Solar panels lose up to 25% efficiency when heated. Icarus RT designs heat exchangers that attach to and cool panels, improving power and delivering hot water. Icarus RT needs a Control and Monitoring System for their residential heat exchangers.
- Team Members: Morgan Sanford, Timothy Shargel, Ivan.Martinez

The goal of the design is to develop a new forearm support module to add to the existing airframe exoskeleton support by Levitate Technologies.
- Team Members: Jason Prom, Ashley Chau, Edgar Romero, Jeremy Cruz, Ricardo Angulo, Veronica Solorzano-Ramirez

In collaboration with Dr. Wenwu Xu, our team was responsible for developing a
fast heating furnace for use in a Scanning Electron Microscope (SEM).
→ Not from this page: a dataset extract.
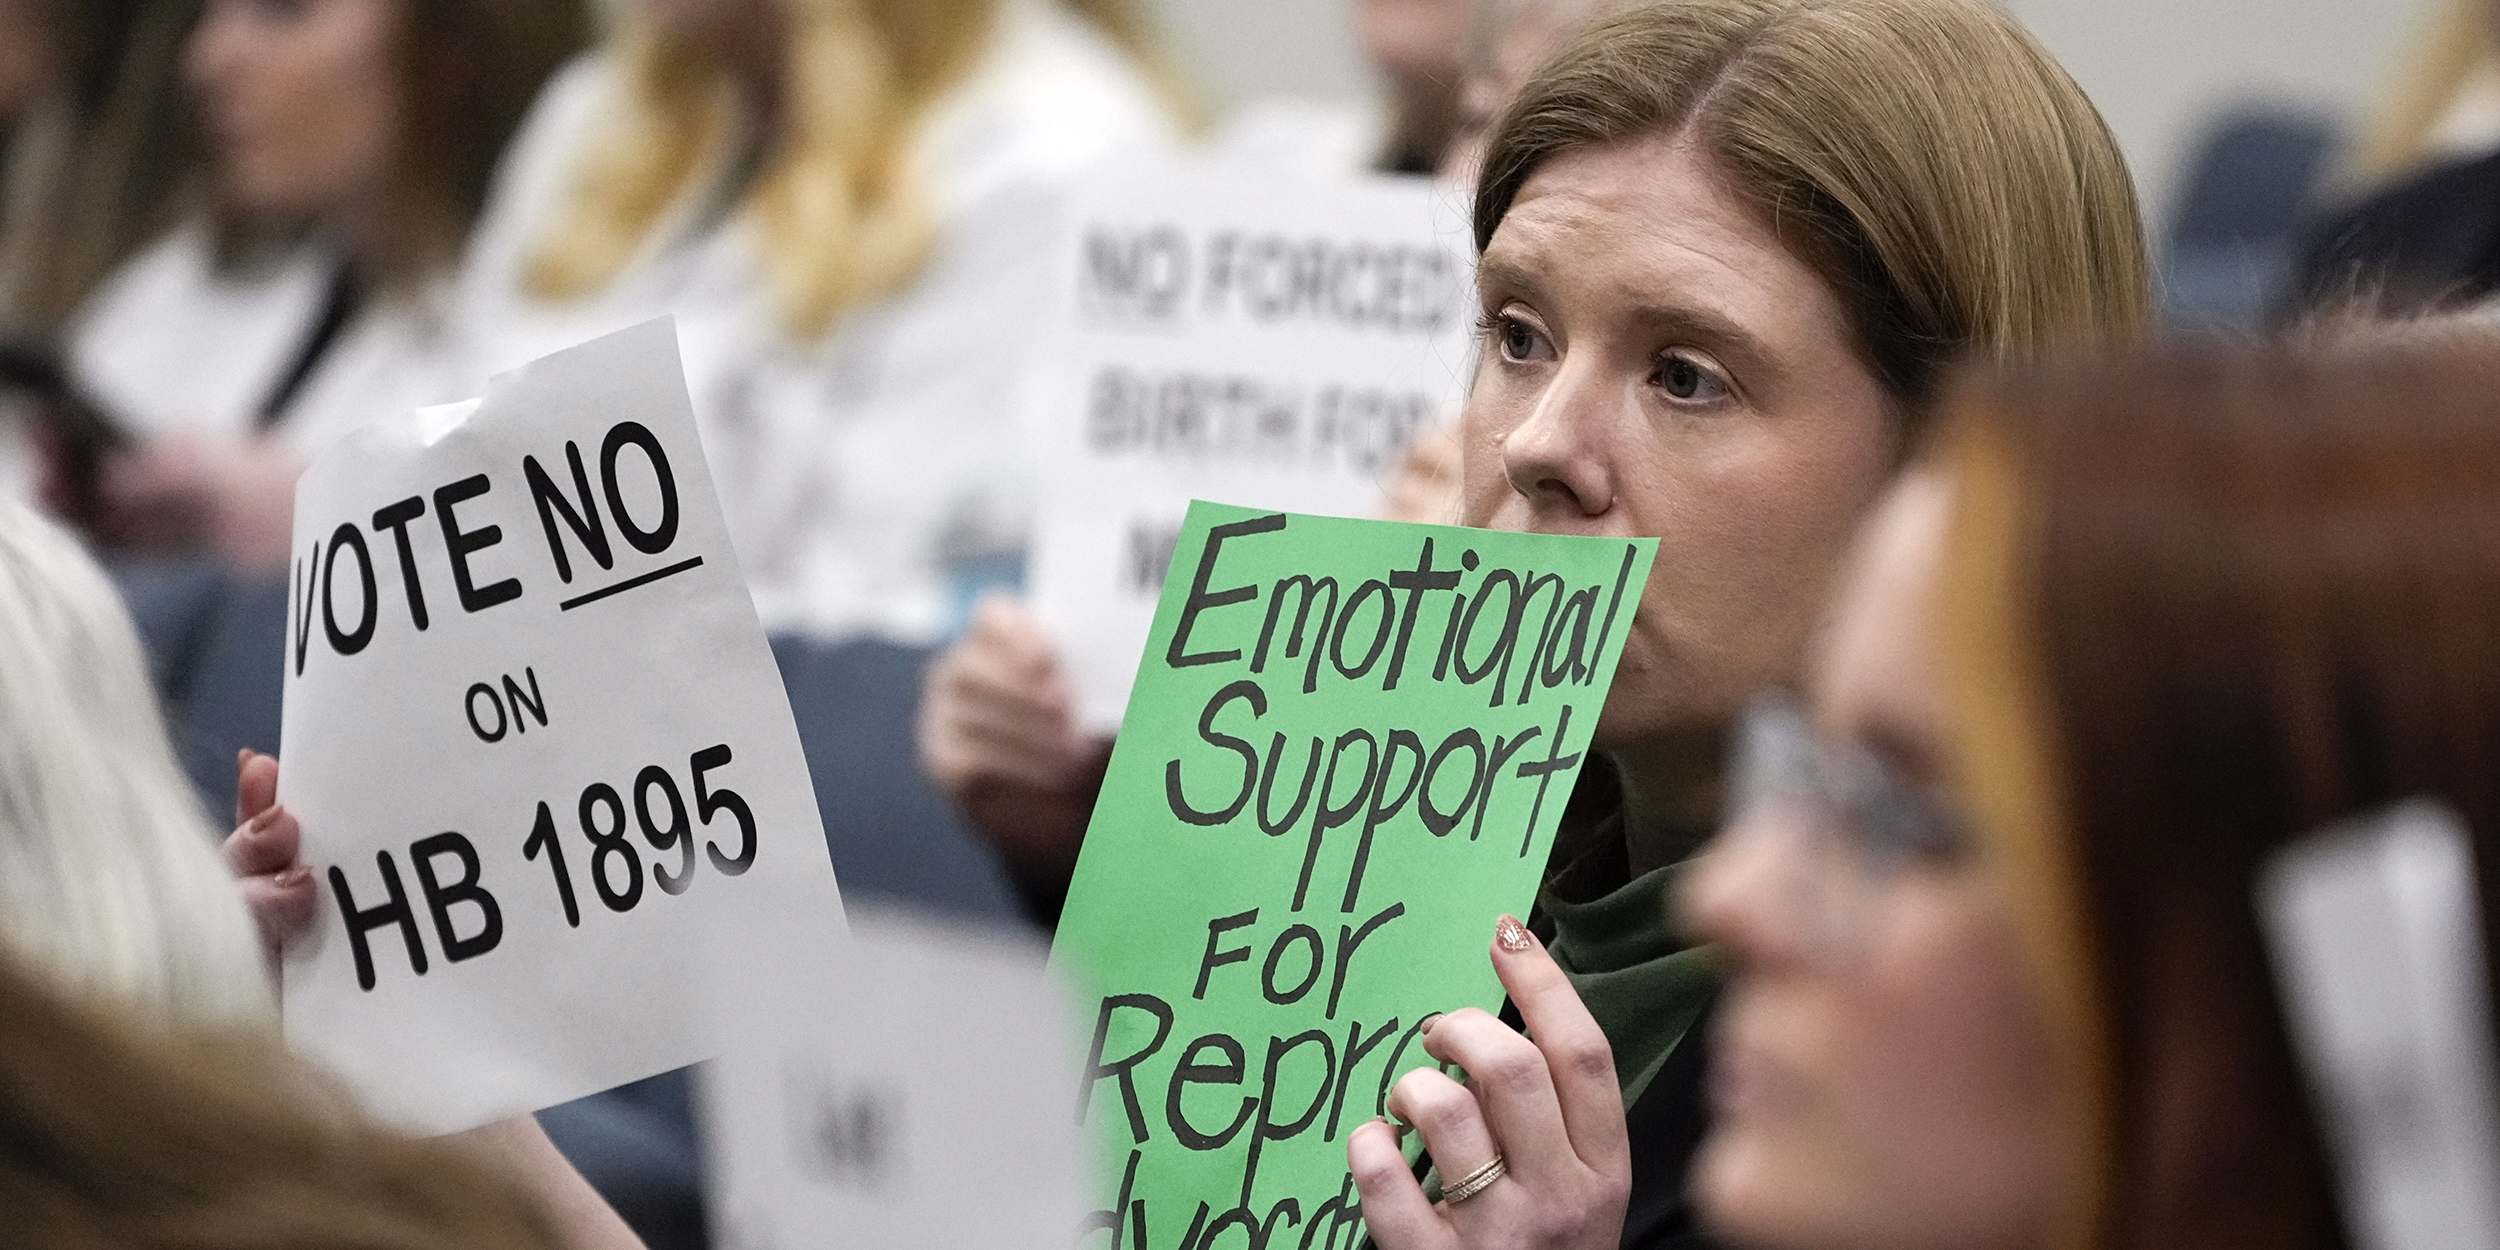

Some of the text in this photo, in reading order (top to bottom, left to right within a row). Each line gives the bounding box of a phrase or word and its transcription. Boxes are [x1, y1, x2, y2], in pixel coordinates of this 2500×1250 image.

The system is
designed to rapidly reach high temperatures.
- Team Members: Pablo Hinojosa Amaya, Brian Riley, Gabriel Schauer, Adrian Hidalgo

The GUS-V is a remotely-operated ocean surface vessel with a limited radio communication range. The solution is a buoy, housing radio relay equipment, that can be deployed from the GUS-V to extend its effective range.
- Team Members: Robert Davidowitz, Simhal Maharaj

NIWC has a data collection device deployed up to 2000 meters deep in the
ocean that surfaces at a set time and transmits data. We were to design and
integrate a system to remotely sink and destroy any electronics within the device,
removing the need for manual retrieval. The design is to be able to survive ocean
conditions, operate covertly, and have minimal environmental impact.
- Team Members: David Meyer, Ryan Chen, Juan Lomeli, Emily Gornall, Zuadi Farah

Phyn develops devices that measure temperature, pressure, and flow rate in a homes pipes. Using pressure measurements, these devices can detect
leaks. Currently, these devices can only detect leaks from inside the home, not leaks from the irrigation system. This is because the Pressure Reducing
Valve (PRV) blocks sound waves, created by changes in water pressure, from reaching the Phyn device.